The Mudcat Café TM
Thread #102940 Message #2090909
Posted By: GUEST,leeneia
30-Jun-07 - 11:50 AM
Thread Name: exploring the blues
Subject: exploring the blues
Here it is, Saturday morning, and it's raining. It's been raining, with a few short remissions, since Tuesday evening. I suppose this is a side effect of the great low which has caused such terrible damage in Texas and Alabama.
One effect of this is that I'm spending much time in the house. For some reason, I got to thinking about blues music. I like it, but I've never played it. I went online and found this definition.
2. A style of music evolved from southern African-American secular songs and usually distinguished by a syncopated 4/4 rhythm, flatted thirds and sevenths, a 12-bar structure, and lyrics in a three-line stanza in which the second line repeats the first [from The Free Dictionary by Farlex] ======= I'm aware that today's blues are not that simple, but with this as a starting point, I went to the keyboard and started fooling around. So far it seems that if you play a major scale and flat the 3rd and 7th, then what you've got is a piece in the Dorian mode.
What's the Dorian mode? It's a piece where the second note of the scale serves as the tonic.
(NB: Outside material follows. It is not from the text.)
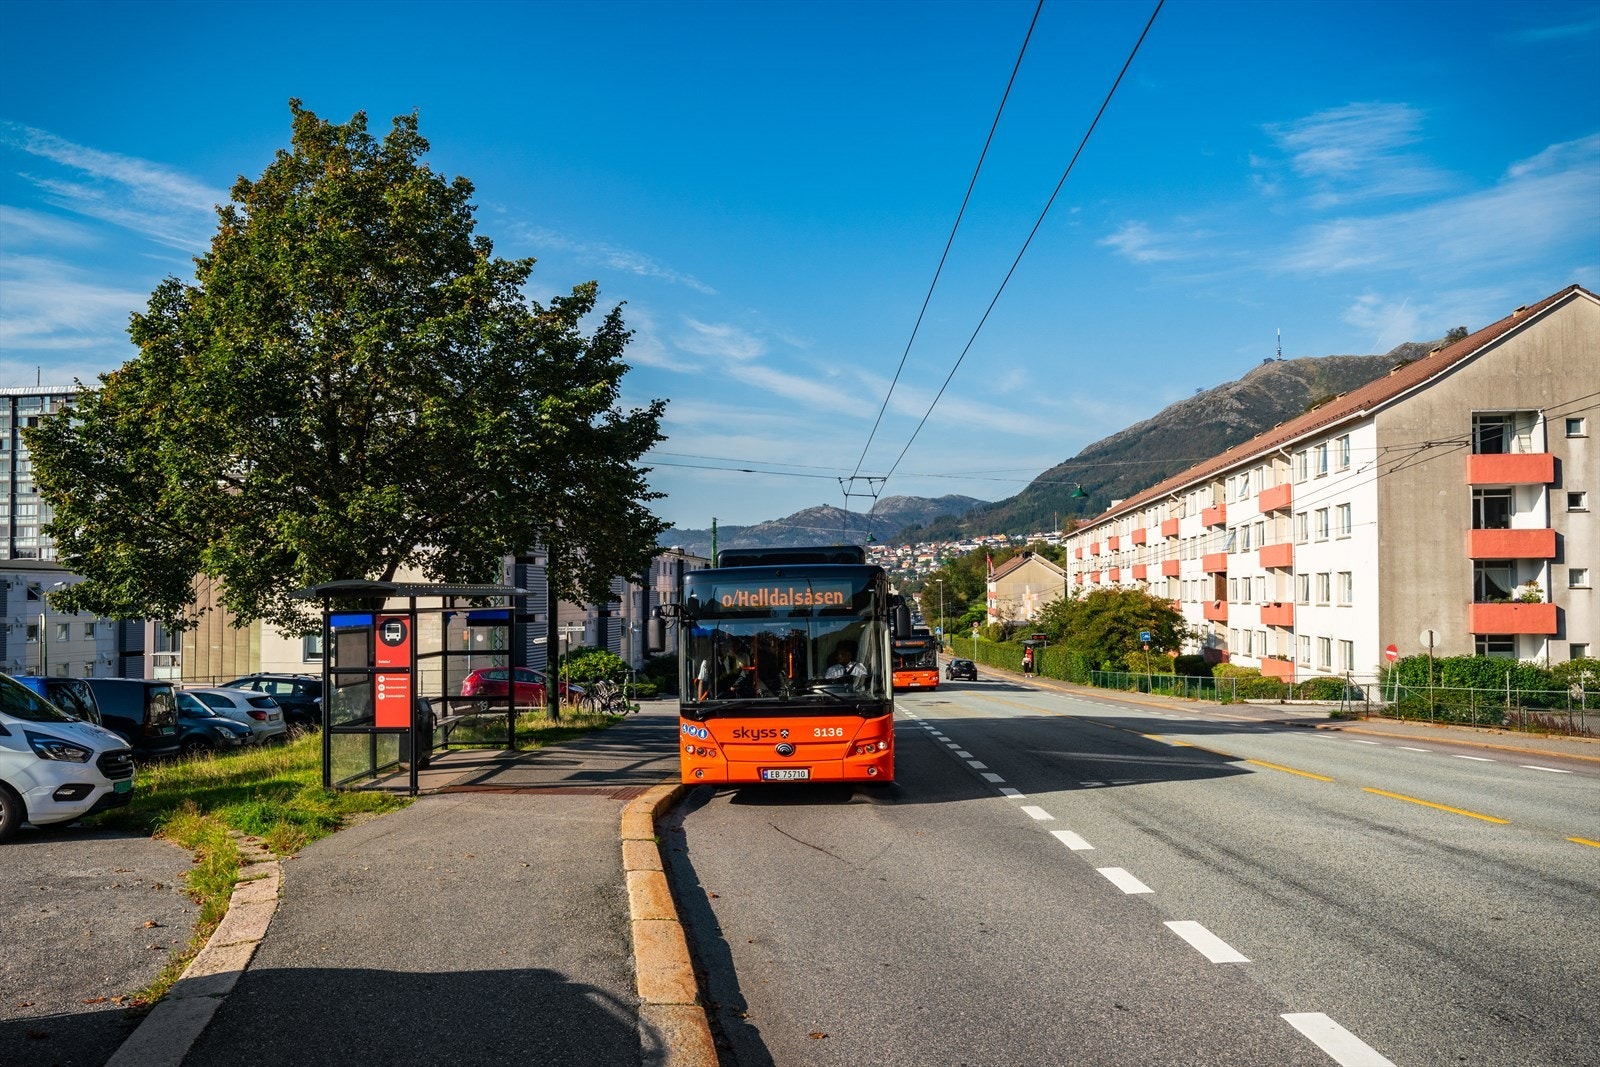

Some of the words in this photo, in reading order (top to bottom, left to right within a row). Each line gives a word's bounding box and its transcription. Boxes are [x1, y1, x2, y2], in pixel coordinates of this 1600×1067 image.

It's the first note and last note, and in-between in gets played often or long. (Few modal songs are that consistent, I find.)
For exmple, play a C scale but flatten the third (Eb) and 7th (Bb.) Those are the flats that make up the Bb scale. C is the second note of the Bb scale. Second note - Dorian mode. I've tried this for other scales and it works, but I haven't tried it for all of them. I don't even know all of them!
Next I tried writing a blues tune myself. It's still a work in progress. The tonality is okay, but the rhythm sounds more like a slow air. I'm still working on it.
I've discovered that I don't know that mahy blues tunes by heart. I opened the Rise Up Singing songbook and turned to "Hard Times and Blues." There are many songs there that I don't know. However, these songs fit the pattern:
Frankie and Johnnie House of the Rising Sun Motherless Child (starts on G, but longest, lowest notes are C) Stagolee (what I can remember of it) Wayfaring Stranger
A song that almost fits is "Heartbreak Hotel." Every note fits the Dorian except for "tel" in "It's down at the end of Lonely Street at Heartbreak HoTEL." TEL is an E natural. By the way, this is a good song to sing while cleaning up the kitchen. It isn't necessary to sing it (Elvis Presley style) as if engaged in bulldozing Heartbreak Hotel with loud equipment. For example, instead of plunging to the low note on TEL one could convey that the note is higher than expected.
It's still raining. Now to work on that business of syncopation.
It would be fun to hear from other people who'd like to experiment with these ideas.